On 5 January 2008, Banega signed with Spanish side Valencia on a 5 1/2-year deal, for a fee of around €20 million. He made his debut on the 13th in a 1–0 loss at Atlético Madrid, coming on as a half-time substitute.

Banega was loaned to Atlético Madrid for 2008–09. He made his official debut as a substitute during the Colchoneross 3–0 away victory over PSV Eindhoven, in the first group stage match of the season's UEFA Champions League. However, he failed to settle in the team's starting XI, also being sent off in away draws against Villarreal and Almería.

Following his return from Atlético, it appeared that Banega was to join English club Everton, but a move did not materialise due to problems acquiring a visa. He subsequently returned for the 2009–10 campaign, and assisted both goals in Valencia's opening game against Sevilla. He scored his first goal for the Che on 17 January 2010 in a 4–1 defeat of neighbouring Villarreal.

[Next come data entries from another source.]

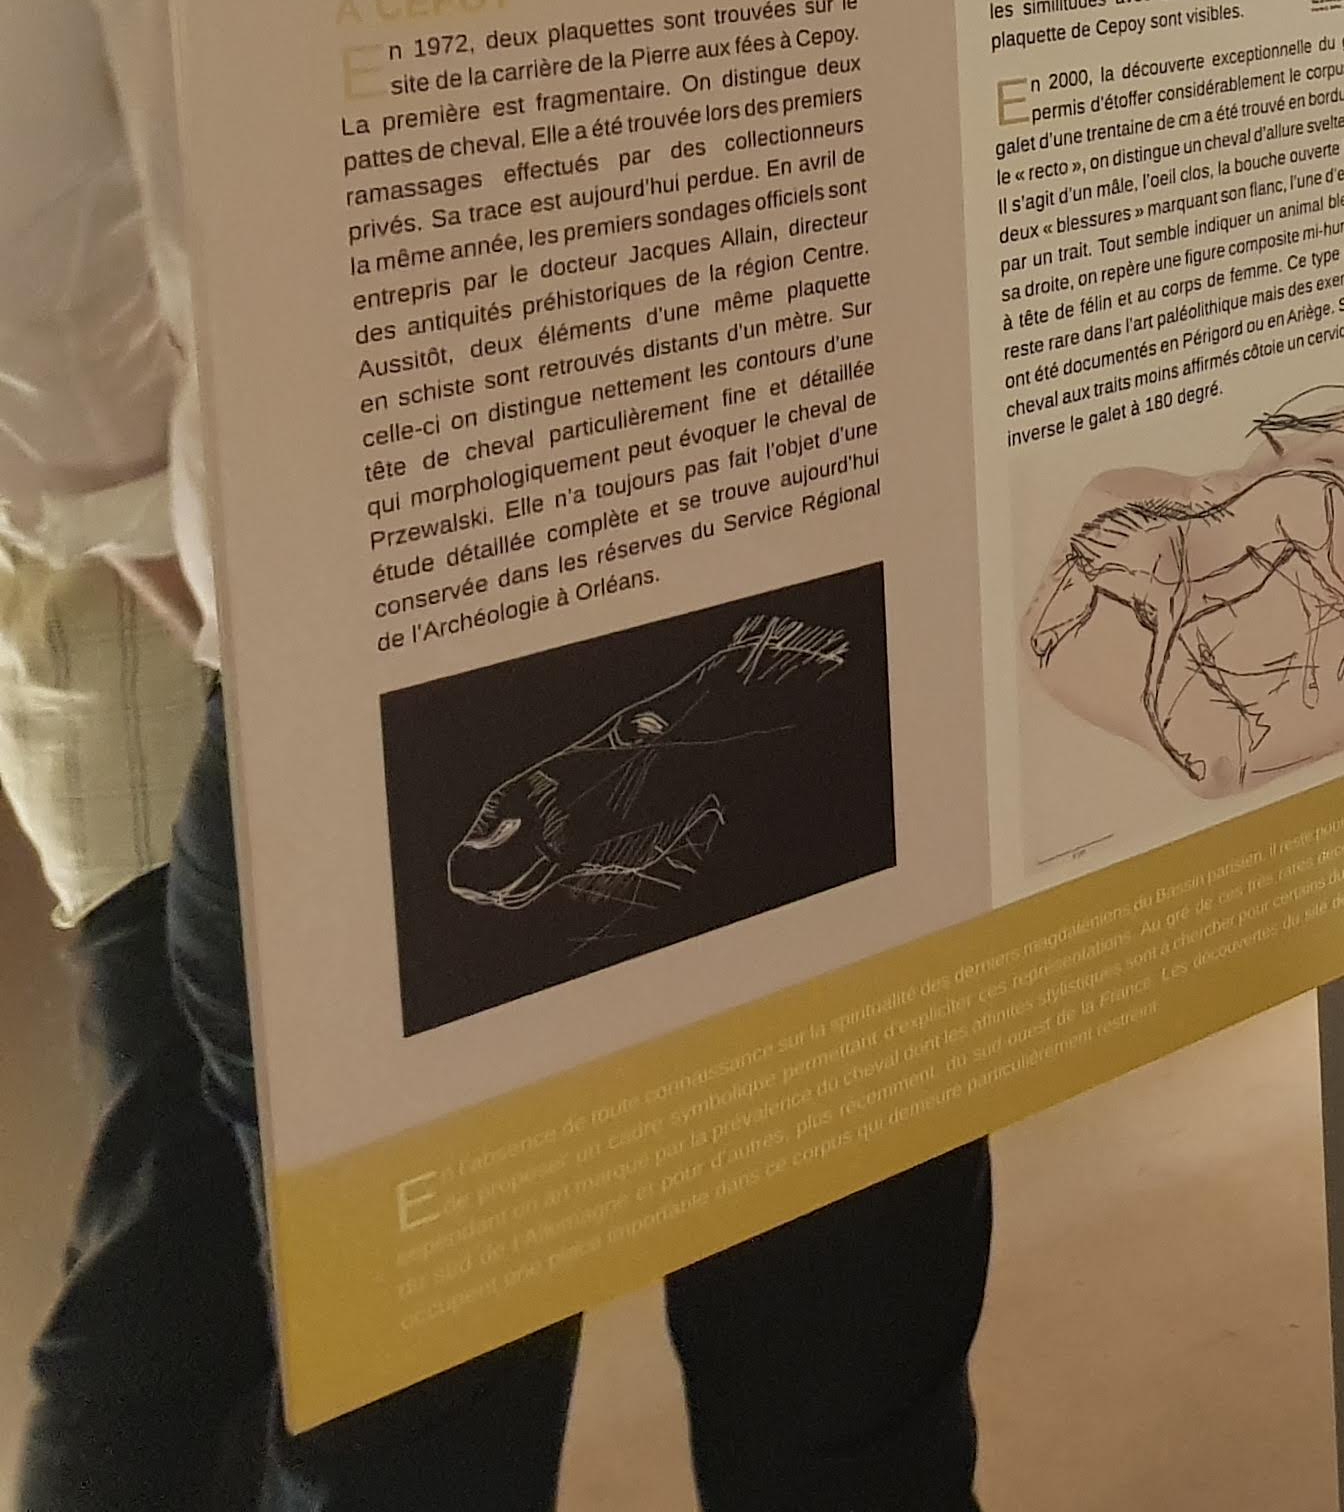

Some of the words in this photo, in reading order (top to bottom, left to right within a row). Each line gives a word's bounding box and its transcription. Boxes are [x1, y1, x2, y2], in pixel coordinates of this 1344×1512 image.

[989, 2, 1014, 20] les
[990, 26, 1067, 54] plaquette
[1070, 21, 1091, 40] de
[1095, 16, 1147, 37] Cepoy
[1150, 10, 1183, 30] sont
[1185, 4, 1245, 25] visibles.
[346, 172, 483, 207] ramassages
[503, 153, 599, 184] effectués
[618, 148, 651, 172] par
[670, 140, 707, 160] des
[724, 118, 864, 152] collectionneurs
[358, 346, 454, 380] Aussitôt,
[469, 335, 523, 359] deux
[537, 315, 632, 346] éléments
[645, 302, 700, 326] d'une
[714, 289, 774, 313] même
[786, 270, 871, 305] plaquette
[1007, 420, 1066, 448] inverse
[1069, 414, 1085, 433] le
[1088, 403, 1127, 431] galet
[1130, 399, 1141, 417] à
[1144, 391, 1174, 414] 180
[1176, 379, 1224, 406] degré.
[374, 576, 489, 618] conservée
[497, 562, 550, 589] dans
[558, 553, 589, 574] les
[597, 530, 683, 565] réserves
[690, 521, 715, 541] du
[723, 503, 794, 533] Service
[801, 477, 881, 515] Régional

Banega played 28 matches in 2010–11 (19 starts, two goals), as Valencia finished third and qualified for the Champions League. On 19 February 2012, however, he prolonged an existing spell on the sidelines – he had recently returned from a knee injury – after he was run over by his own car. As a result, he fractured his left ankle and broke the tibia and fibula in his left leg, according to Valencia team doctor Enrique Gastaldi. He required ankle surgery, going on to miss the remainder of the season; the club only confirmed that the player had been hurt in an accident involving his own car after leaving training, however Spanish media had reported that the injury occurred when he failed to put the handbrake on at a petrol station and, after the car moved, his leg was caught between the wheel and the curb.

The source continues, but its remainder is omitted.